Navigation

Definition of Rickets

Rickets: A disease of infants and children that disturbs normal bone formation (ossification), leading to failure to mineralize bone. Rickets softens bone, producing osteomalacia, and permits marked bending and distortion of bones. Other features of rickets include softness of the infant's skull (craniotabes), enlargement of the front end of the ribs (creating the 'rachitic rosary'), thickening of the wrists and ankles, lateral curving of the spine (scoliosis), abnormal forward'backward curving of the spine (kyphosis and lumbar lordosis), and deforming and narrowing of the pelvis. As the child begins to walk, the weight on the soft shafts of the legs results in knock-knees or, more often, bowlegs. Until the first third of the 20th century, rickets was usually due to lack of direct exposure to sunlight or to lack of vitamin D, calcium, and phosphorus, but nutritional rickets has become relatively rare in industrialized nations. In developing countries, vitamin D'deficiency rickets continues to be a problem.
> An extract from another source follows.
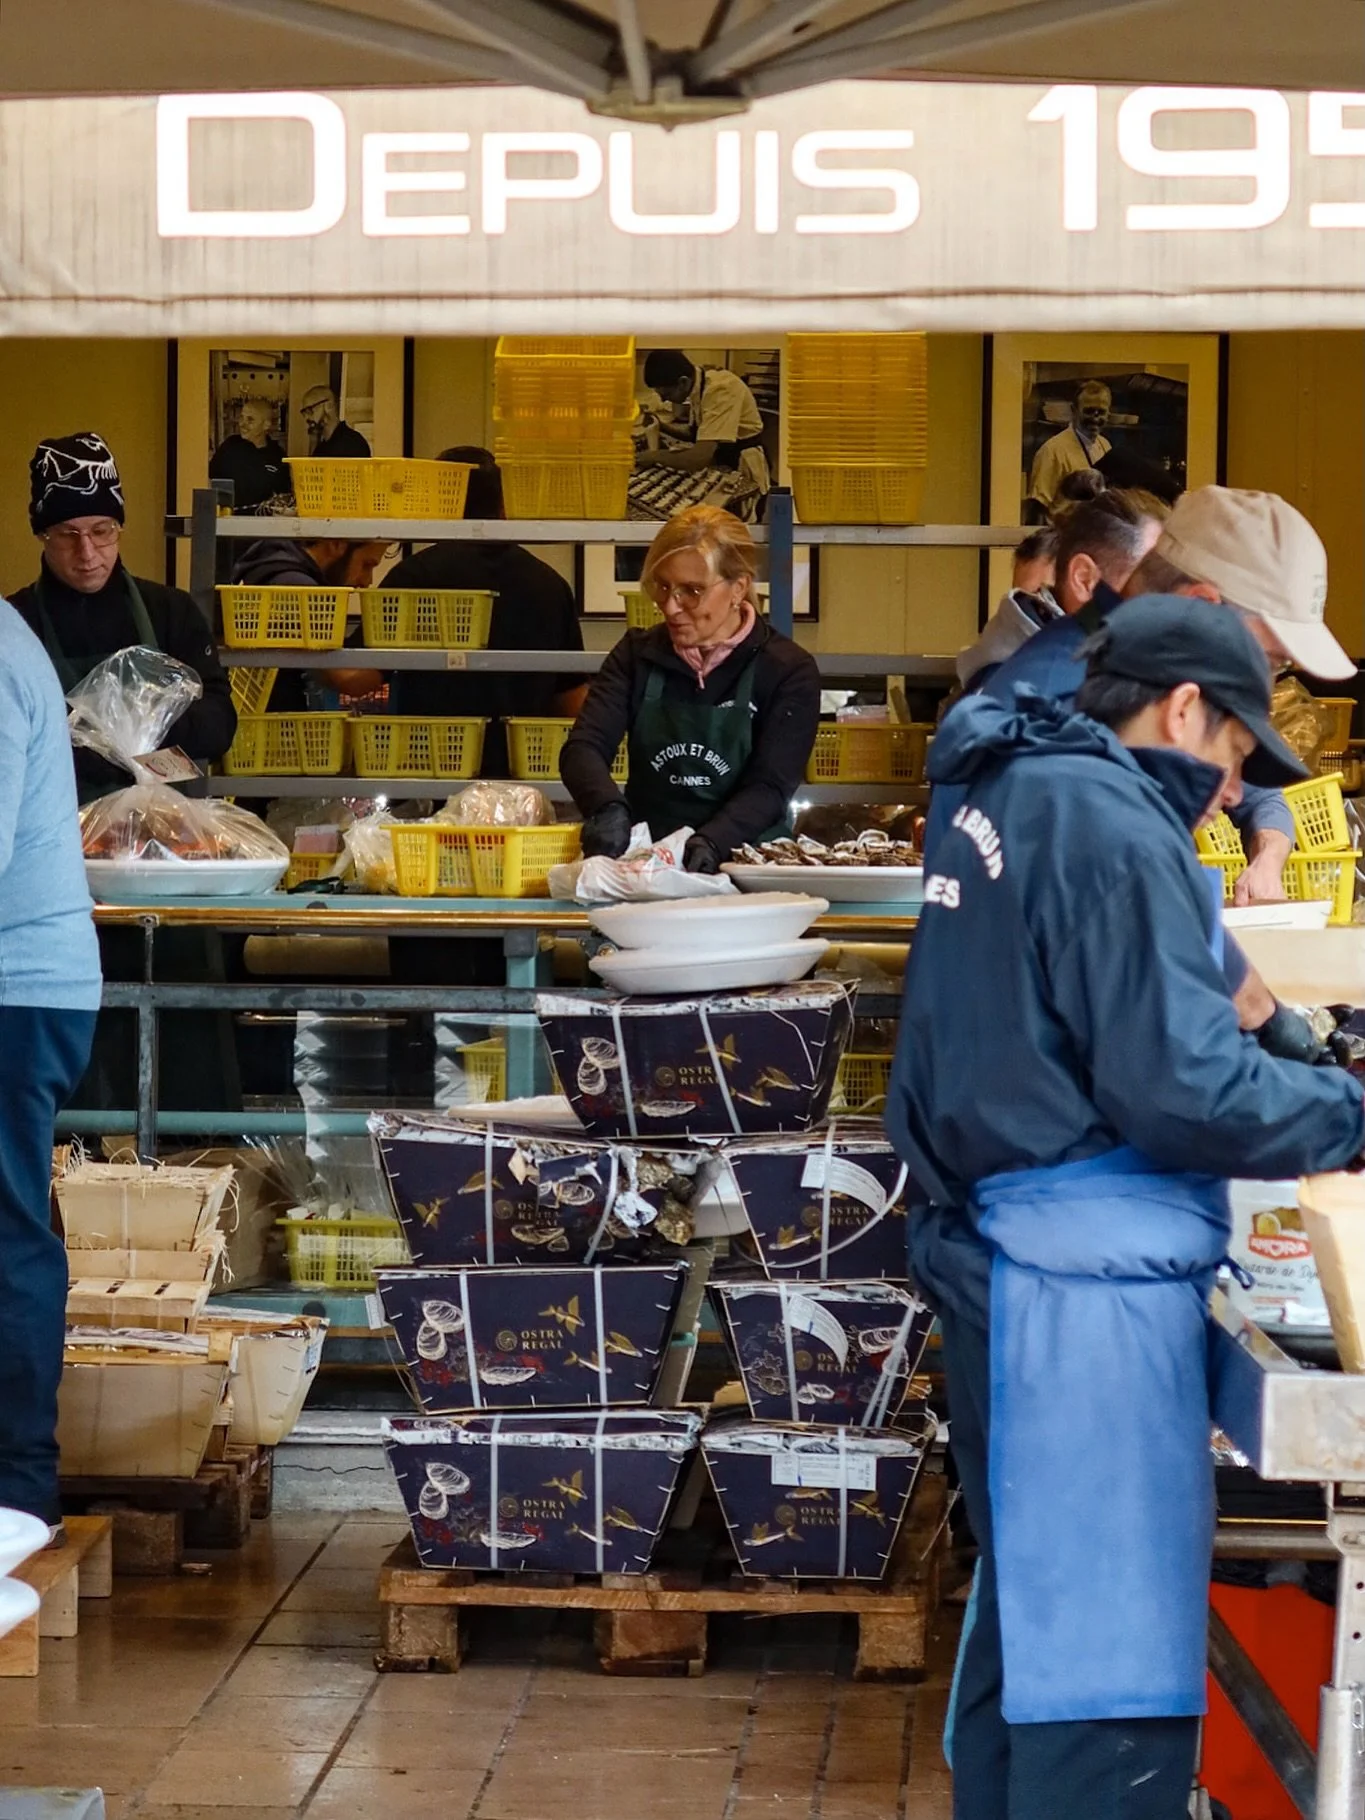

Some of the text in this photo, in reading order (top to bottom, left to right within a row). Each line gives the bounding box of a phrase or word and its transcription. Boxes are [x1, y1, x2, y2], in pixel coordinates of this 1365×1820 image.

Rickets in developed countries is usually now due to other causes, such as disorders that create vitamin D deficiency by interfering with the absorption of vitamin D through the intestines; diseases of the liver, kidney, or other organs that impair the normal metabolic conversion and activation of vitamin D; and conditions that disrupt the normal balance in the body between calcium and phosphorus.